Entre los intercambios importantes entre la madre tierra y quienes convivimos en ella – y gracias a ella -, se encuentra la alimentación. Se cosechan los frutos que crecen desde sus entrañas y florecen en su cuerpo, y por ello se le entregan en actos de consumo colectivo, compartiendo estos alimentos, agradeciendo que esto sea posible. Se celebra, se canta, se baila. Los pallares fueron desde tiempos remotos parte de estas interacciones. Y en cada encuentro, en cada cosecha, en cada consumo, fue aumentando el conocimiento sobre estos pequeños seres, estas hermanas semillas que nos nutren, que brindaron a las poblaciones la fuerza necesaria para seguir andando.

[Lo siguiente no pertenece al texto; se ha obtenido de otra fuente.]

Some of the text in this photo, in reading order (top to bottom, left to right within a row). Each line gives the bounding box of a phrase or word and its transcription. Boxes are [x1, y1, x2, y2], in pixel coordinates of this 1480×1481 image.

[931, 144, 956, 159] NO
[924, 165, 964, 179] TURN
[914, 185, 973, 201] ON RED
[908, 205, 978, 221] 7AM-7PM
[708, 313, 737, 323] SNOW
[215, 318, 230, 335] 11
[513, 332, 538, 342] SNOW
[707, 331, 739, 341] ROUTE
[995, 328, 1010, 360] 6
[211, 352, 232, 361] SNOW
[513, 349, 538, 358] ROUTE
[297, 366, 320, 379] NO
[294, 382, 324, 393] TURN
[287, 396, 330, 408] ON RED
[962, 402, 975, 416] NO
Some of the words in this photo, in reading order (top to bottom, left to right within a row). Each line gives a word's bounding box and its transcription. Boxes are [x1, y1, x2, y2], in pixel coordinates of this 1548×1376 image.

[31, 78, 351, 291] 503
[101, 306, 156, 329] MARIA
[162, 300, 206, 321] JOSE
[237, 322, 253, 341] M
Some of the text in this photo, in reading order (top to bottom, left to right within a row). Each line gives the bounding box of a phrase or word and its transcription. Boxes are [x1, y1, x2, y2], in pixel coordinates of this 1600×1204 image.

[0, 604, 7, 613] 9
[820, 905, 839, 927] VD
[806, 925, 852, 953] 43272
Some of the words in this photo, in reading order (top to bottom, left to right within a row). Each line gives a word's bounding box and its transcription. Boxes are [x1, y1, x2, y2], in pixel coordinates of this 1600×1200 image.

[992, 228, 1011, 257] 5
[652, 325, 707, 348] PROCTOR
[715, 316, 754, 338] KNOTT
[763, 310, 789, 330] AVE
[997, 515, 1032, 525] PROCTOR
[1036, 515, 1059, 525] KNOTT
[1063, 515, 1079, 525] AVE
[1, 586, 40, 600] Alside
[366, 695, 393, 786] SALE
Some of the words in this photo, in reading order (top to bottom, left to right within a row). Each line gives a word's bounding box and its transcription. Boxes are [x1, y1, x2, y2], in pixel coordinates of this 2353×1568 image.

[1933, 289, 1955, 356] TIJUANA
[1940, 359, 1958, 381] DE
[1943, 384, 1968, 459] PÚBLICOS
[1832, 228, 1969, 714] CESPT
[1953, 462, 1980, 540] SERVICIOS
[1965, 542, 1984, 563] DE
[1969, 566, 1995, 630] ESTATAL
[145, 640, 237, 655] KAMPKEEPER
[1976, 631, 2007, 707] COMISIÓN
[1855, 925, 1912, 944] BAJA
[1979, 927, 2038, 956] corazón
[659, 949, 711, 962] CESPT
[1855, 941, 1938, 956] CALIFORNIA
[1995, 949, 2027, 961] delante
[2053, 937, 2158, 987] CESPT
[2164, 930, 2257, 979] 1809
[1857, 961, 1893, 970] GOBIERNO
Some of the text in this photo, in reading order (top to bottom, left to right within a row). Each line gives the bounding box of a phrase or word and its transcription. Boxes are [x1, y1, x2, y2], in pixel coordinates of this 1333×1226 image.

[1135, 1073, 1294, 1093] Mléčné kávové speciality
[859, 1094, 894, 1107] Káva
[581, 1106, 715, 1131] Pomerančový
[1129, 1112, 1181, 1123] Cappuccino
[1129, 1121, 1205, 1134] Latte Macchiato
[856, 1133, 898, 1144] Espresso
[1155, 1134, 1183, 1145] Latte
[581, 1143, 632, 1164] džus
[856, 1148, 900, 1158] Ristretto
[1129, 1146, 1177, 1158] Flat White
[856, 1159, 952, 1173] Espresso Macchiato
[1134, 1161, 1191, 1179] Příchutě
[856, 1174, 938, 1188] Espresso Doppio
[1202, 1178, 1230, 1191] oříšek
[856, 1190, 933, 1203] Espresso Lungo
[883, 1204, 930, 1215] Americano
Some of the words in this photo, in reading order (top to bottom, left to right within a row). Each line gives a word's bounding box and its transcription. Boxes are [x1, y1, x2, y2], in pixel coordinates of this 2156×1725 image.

El conocimiento que se genera de la íntima convivencia con los pallares se transmitió de generación en generación, reconociendo que ellos se muestran de diversas maneras en cada cosecha, con más o menos manchas de colores según al clima, según cómo han sido cuidados y regados lo surcos, según quienes los visitaron, cuánto les hablaron, y quizás también cómo fueron celebrados en anterior ocasión. Hoy los pallares manchados aparecen ante nuestros ojos contemporáneos como un registro de los mensajes de la naturaleza, que nuestros antepasados sabían leer muy bien, porque convivían y conversaban con ellos. Estos seres fueron considerados Wak´as, plantas sabias, y por ello, eran cuerpos poderosos. Es muy probable que este conocimiento haya sido desarrollado en gran medida por las mujeres de diversas sociedades que observaban y registraban estos saberes y los trasladaban a sus creaciones: el tejido, el grabado de mates, la alfarería.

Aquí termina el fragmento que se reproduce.